# Artificial neural networks

#### Book about machine learning in physics

A very nice and gentle introduction (based on TensorFlow and Keras) is provided in the textbook *Deep Learning for Physics Research* by [Martin Erdmann](https://www.physik.rwth-aachen.de/user/erdmann), [Jonas Glombitza](https://www.jonas-glombitza.com/), [Gregor Kasieczka](https://www.physik.uni-hamburg.de/iexp/gruppe-kasieczka.html), and Uwe Klemradt.

{% embed url="<https://worldscientific.com/worldscibooks/10.1142/12294>" %}

Perhaps your library has a copy of the book. The Kindle eBook is at 35$.

You can find the excercises to the book (for free) here:

{% embed url="<http://www.deeplearningphysics.org>" %}

#### **Introduction to Machine Learning**

This video provides an introduction into the history of machine learning.

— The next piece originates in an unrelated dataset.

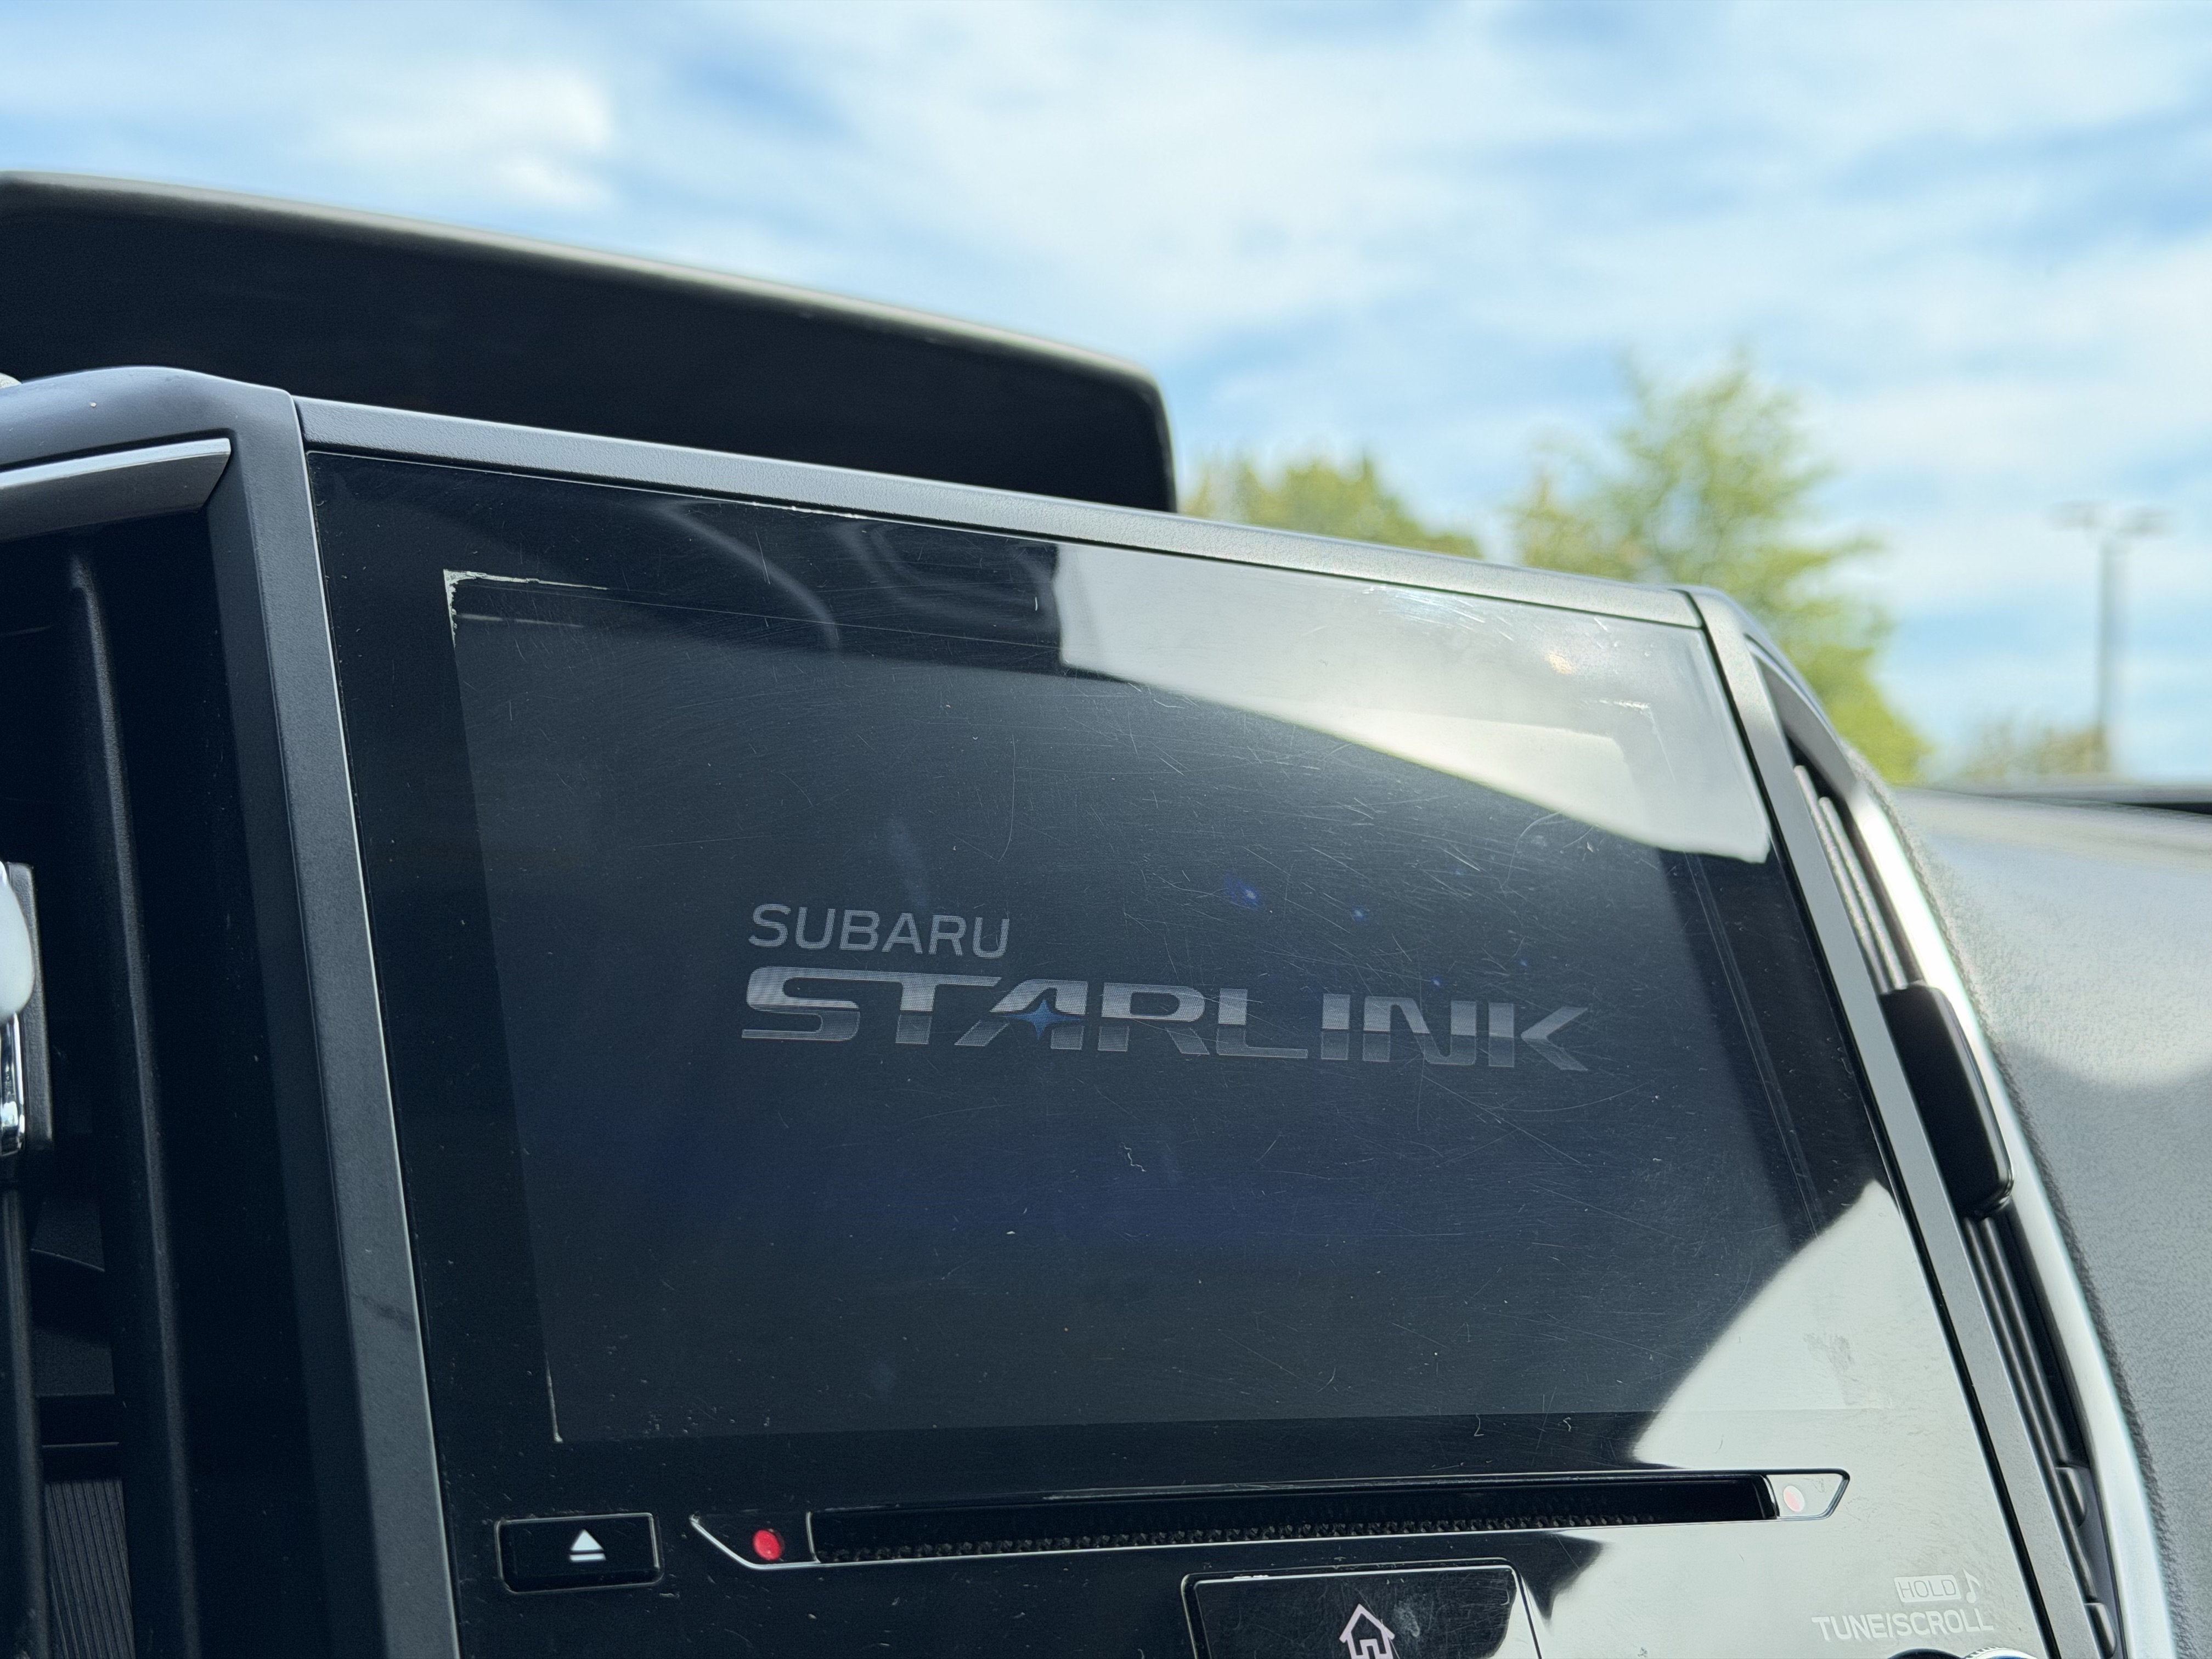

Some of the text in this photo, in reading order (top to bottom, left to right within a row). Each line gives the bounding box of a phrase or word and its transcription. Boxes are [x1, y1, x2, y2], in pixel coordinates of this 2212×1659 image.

You don't need it for tackling the problem. It gives some perspective and aims for a broader picture.

{% embed url="<https://www.youtube.com/watch?v=mTtDfKgLm54&list=PLLHTzKZzVU9e6xUfG10TkTWApKSZCzuBI&index=1>" %}

To get some perspective in what areas of particle physics machine learning is used, please have a look at this review article about the use of machine learning in LHC physics:

{% embed url="<https://arxiv.org/abs/1806.11484>" %}

**Building intuition about deep learning**

A very nice introduction to build up intuition what deep learning actually is: an optimisation problem in which arbitrary (unknown) functions are approximated is the YouTube series by 3Blue1Brown.

{% embed url="<https://www.3blue1brown.com/topics/neural-networks>" %}

**Introduction to PyTorch**

Alfredo Canziani (the same guy from the introduction video) provides a very nice introduction into PyTorch.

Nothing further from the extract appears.